El Grupo Legislativo del Partido Verde en el Congreso de Veracruz, presentó un anteproyecto de punto de acuerdo que hace un urgente llamado a los 212 ayuntamientos veracruzanos, así como a la Secretaría del Trabajo, Previsión Social y Productividad (STPSP), con el objetivo de implementar medidas concretas para combatir la discriminación laboral que sufren las personas con condiciones limitantes o neurodivergentes.
La diputada local, Roxana Barragán Hernández, durante su intervención en tribuna, enfatizó que la dignificación del trabajo debe ser un compromiso de todos, y que el trabajo en igualdad de condiciones no debe ser un privilegio, sino un derecho fundamental de todos los seres humanos.
Específicamente, subrayó que este derecho debe ser garantizado sin ninguna forma de discriminación, de manera que se eliminen las barreras que impiden el acceso a oportunidades laborales para aquellos que viven con alguna condición de discapacidad o neurodivergencia.
En el punto de acuerdo, la diputada del Partido Verde Ecologista de México (PVEM) mencionó que, a menudo, la discapacidad es vista erróneamente como una limitación o incapacidad.
Sin embargo, enfatizó que la verdadera “discapacidad” se encuentra en la sociedad, cuando no logramos adaptar el entorno a las necesidades de todas las personas.
“La discapacidad no radica en la condición de la persona, sino en nuestra falta de adaptación y en las barreras que nosotros mismos hemos creado”, dijo Roxana Barragán.
La legisladora también hizo un llamado a la empatía y la inclusión, destacando que el trabajo y la vida en sociedad deben ser inclusivos y humanitarios, sin importar las diferencias.
En Veracruz, subrayó, aún persiste una realidad dolorosa.
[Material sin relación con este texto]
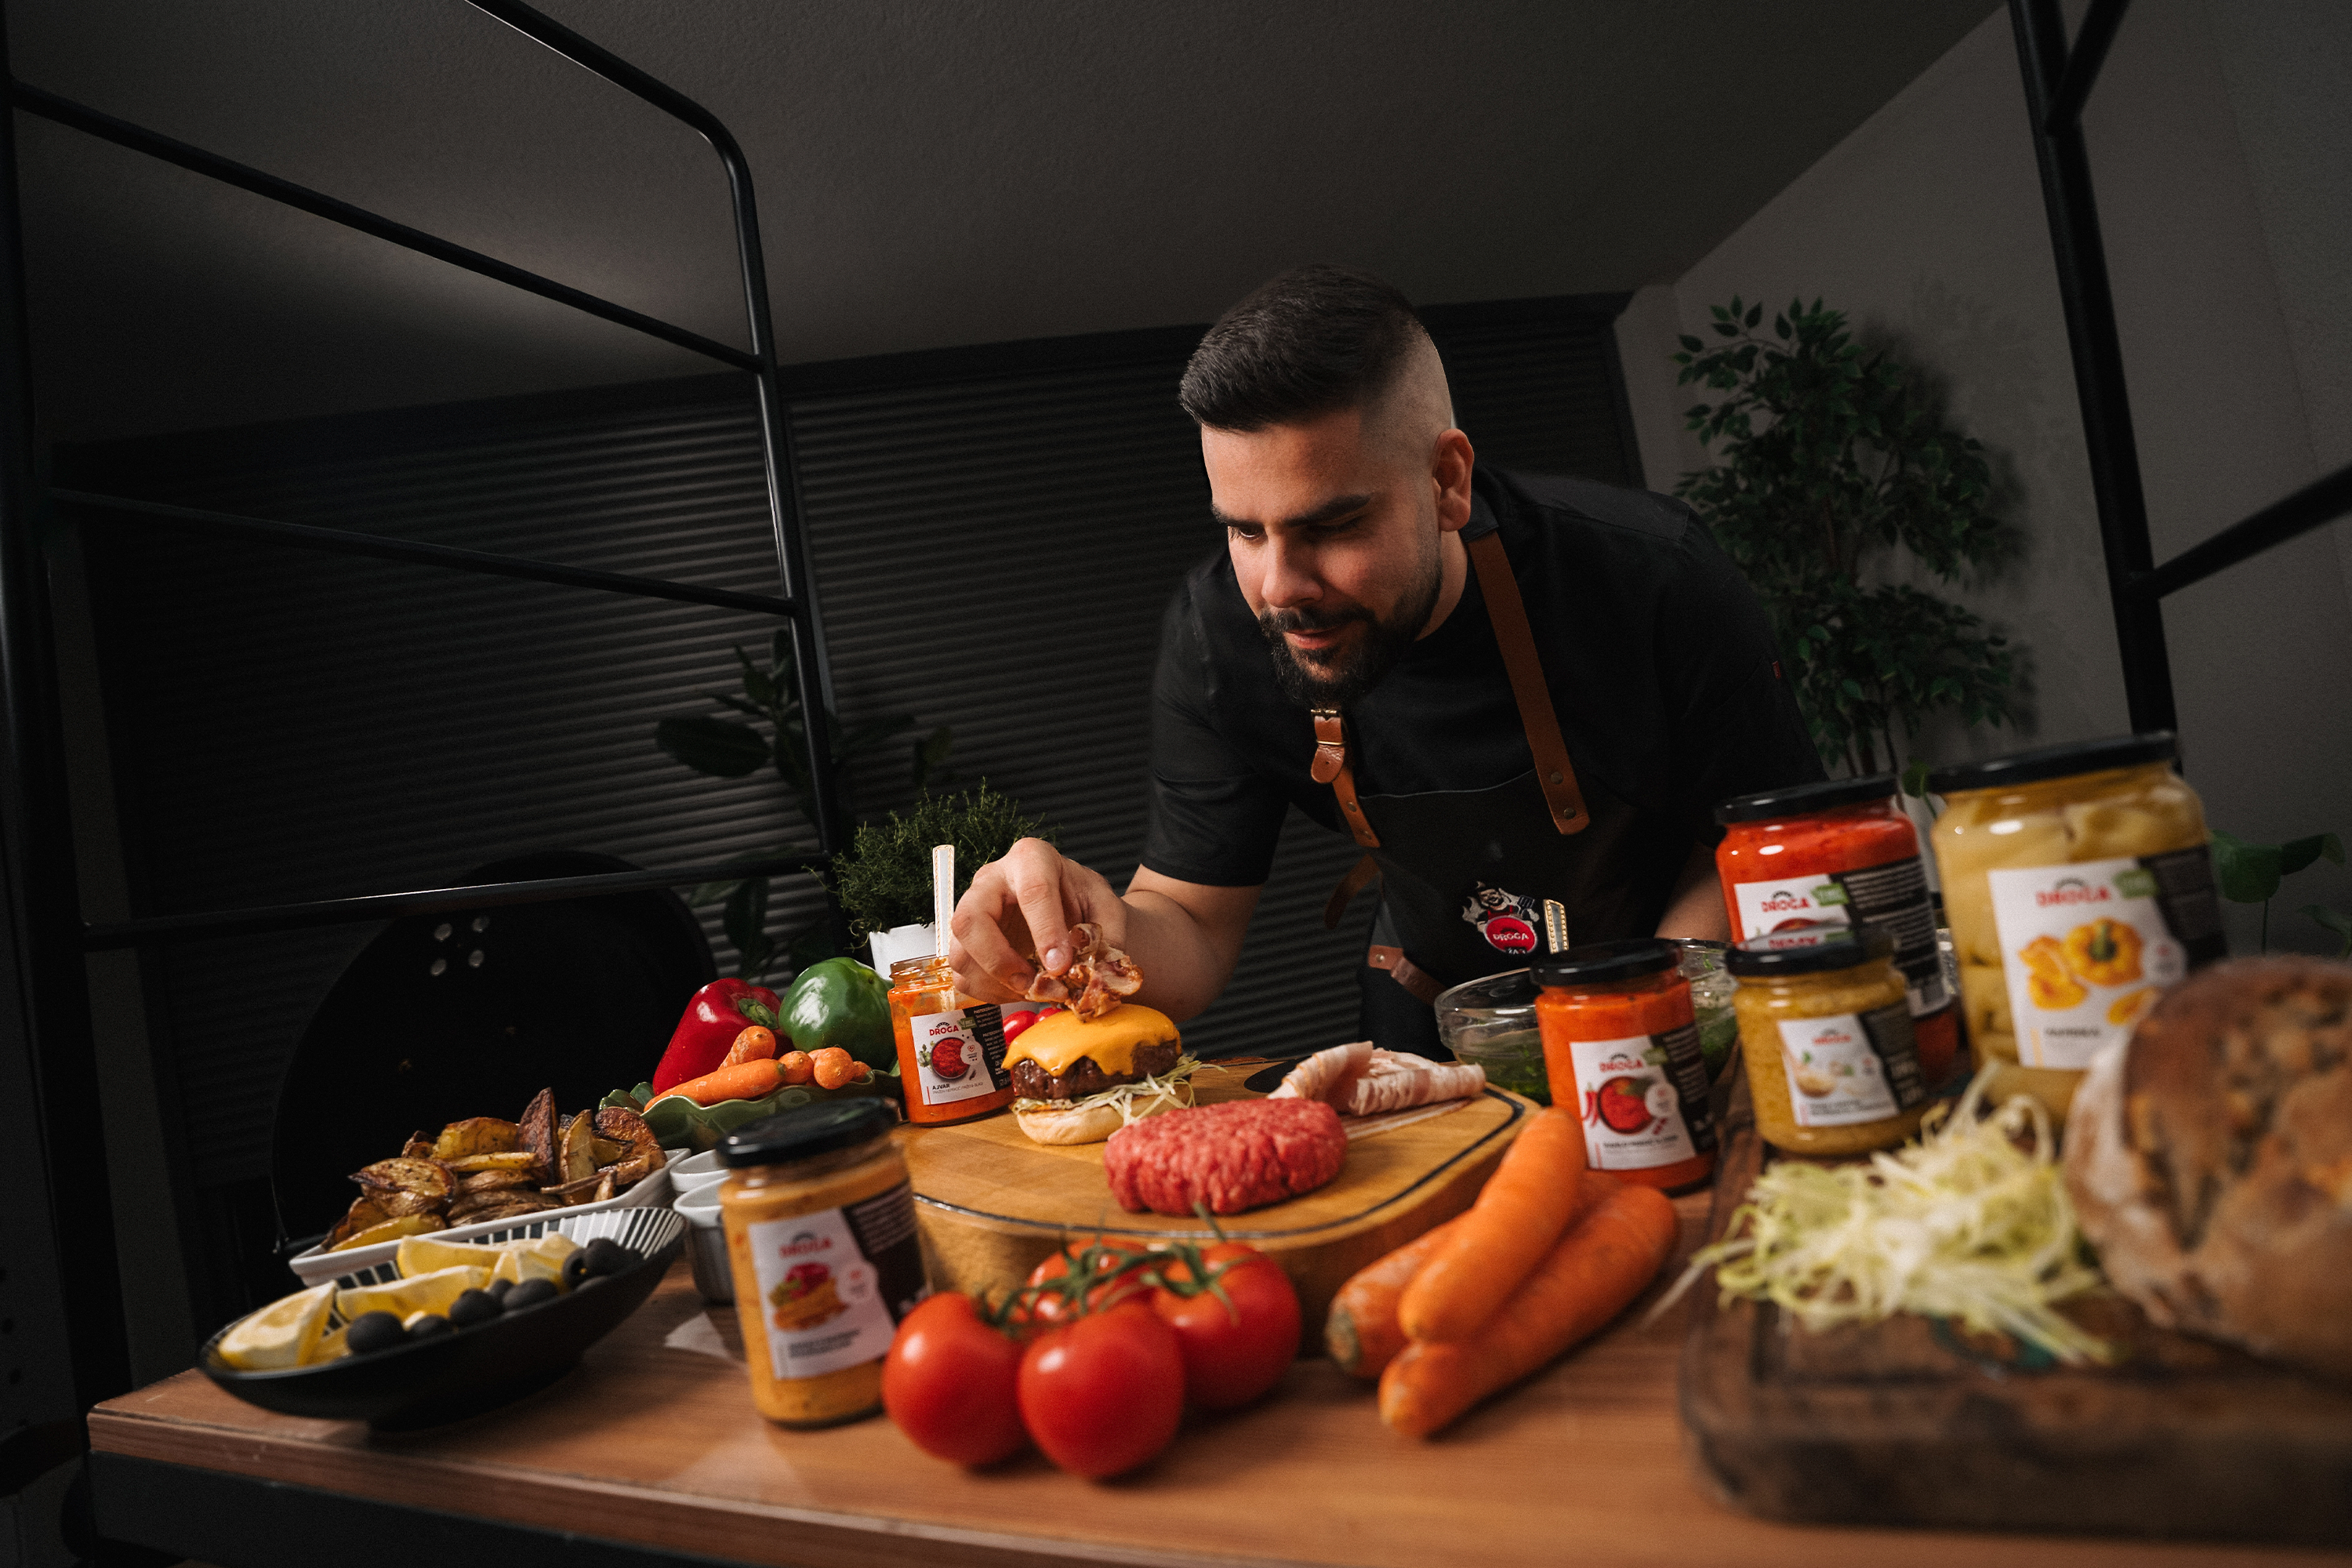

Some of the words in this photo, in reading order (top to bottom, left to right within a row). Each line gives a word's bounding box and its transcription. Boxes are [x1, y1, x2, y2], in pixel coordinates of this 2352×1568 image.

[1762, 897, 1810, 912] DROGA
[1493, 932, 1529, 941] DROGA
[929, 1025, 959, 1036] DROGA
La discriminación y exclusión de personas con condiciones limitantes, especialmente cuando se trata de acceder a un empleo digno.
Abundó que según datos de la Organización Mundial de la Salud (OMS), las neurodivergencias, como el autismo, no son limitaciones sino diferencias que enriquecen la manera en que las personas perciben, aprenden e interactúan con el mundo. Por lo tanto, el problema no radica en la discapacidad, sino en los prejuicios sociales y laborales que niegan el acceso de estas personas al trabajo, a pesar de sus capacidades.
“Hoy no sólo vengo a hablar de cifras o leyes, vengo a hablar de personas. Vengo a hablar de niños, niñas, jóvenes y adultos que, todos los días, enfrentan barreras que no deberían existir. Personas que tienen mucho que ofrecer y que merecen ser vistas por lo que son, no por lo que nos han enseñado que deben ser”, expresó la legisladora del PVEM.
En relación a los datos alarmantes sobre la inserción laboral de personas dentro del espectro autista, la diputada señaló que, en México, más del 80 por ciento de las personas dentro de este espectro enfrentan enormes dificultades para conseguir empleo.
El anteproyecto presentado busca que los gobiernos municipales trabajen de la mano para crear políticas públicas y campañas que fomenten la inclusión laboral de personas con discapacidades y neurodivergencias.
Destacó que no se trata de cumplir con una cuota o de hacer un acto simbólico de inclusión, sino de ofrecer oportunidades reales para que las personas con discapacidades puedan desarrollarse y crecer profesionalmente en condiciones dignas.
La diputada también denunció las condiciones laborales precarias en algunos ayuntamientos, donde las personas con discapacidades son contratadas bajo el pretexto de “apoyo” pero reciben salarios por debajo del mínimo, incluso cuando realizan tareas completas y cumplen con jornadas laborales extensas, de hasta más de ocho horas diarias.
La legisladora del Partido Verde hizo un llamado a la acción. “No se trata de que todos seamos iguales, sino de que todas y todos tengamos las mismas oportunidades. Y la oportunidad de acceder a un empleo digno es una de las más importantes. Porque al final, todos tenemos esa chispa que nos hace brillar, y esa chispa debe ser reconocida por la sociedad”.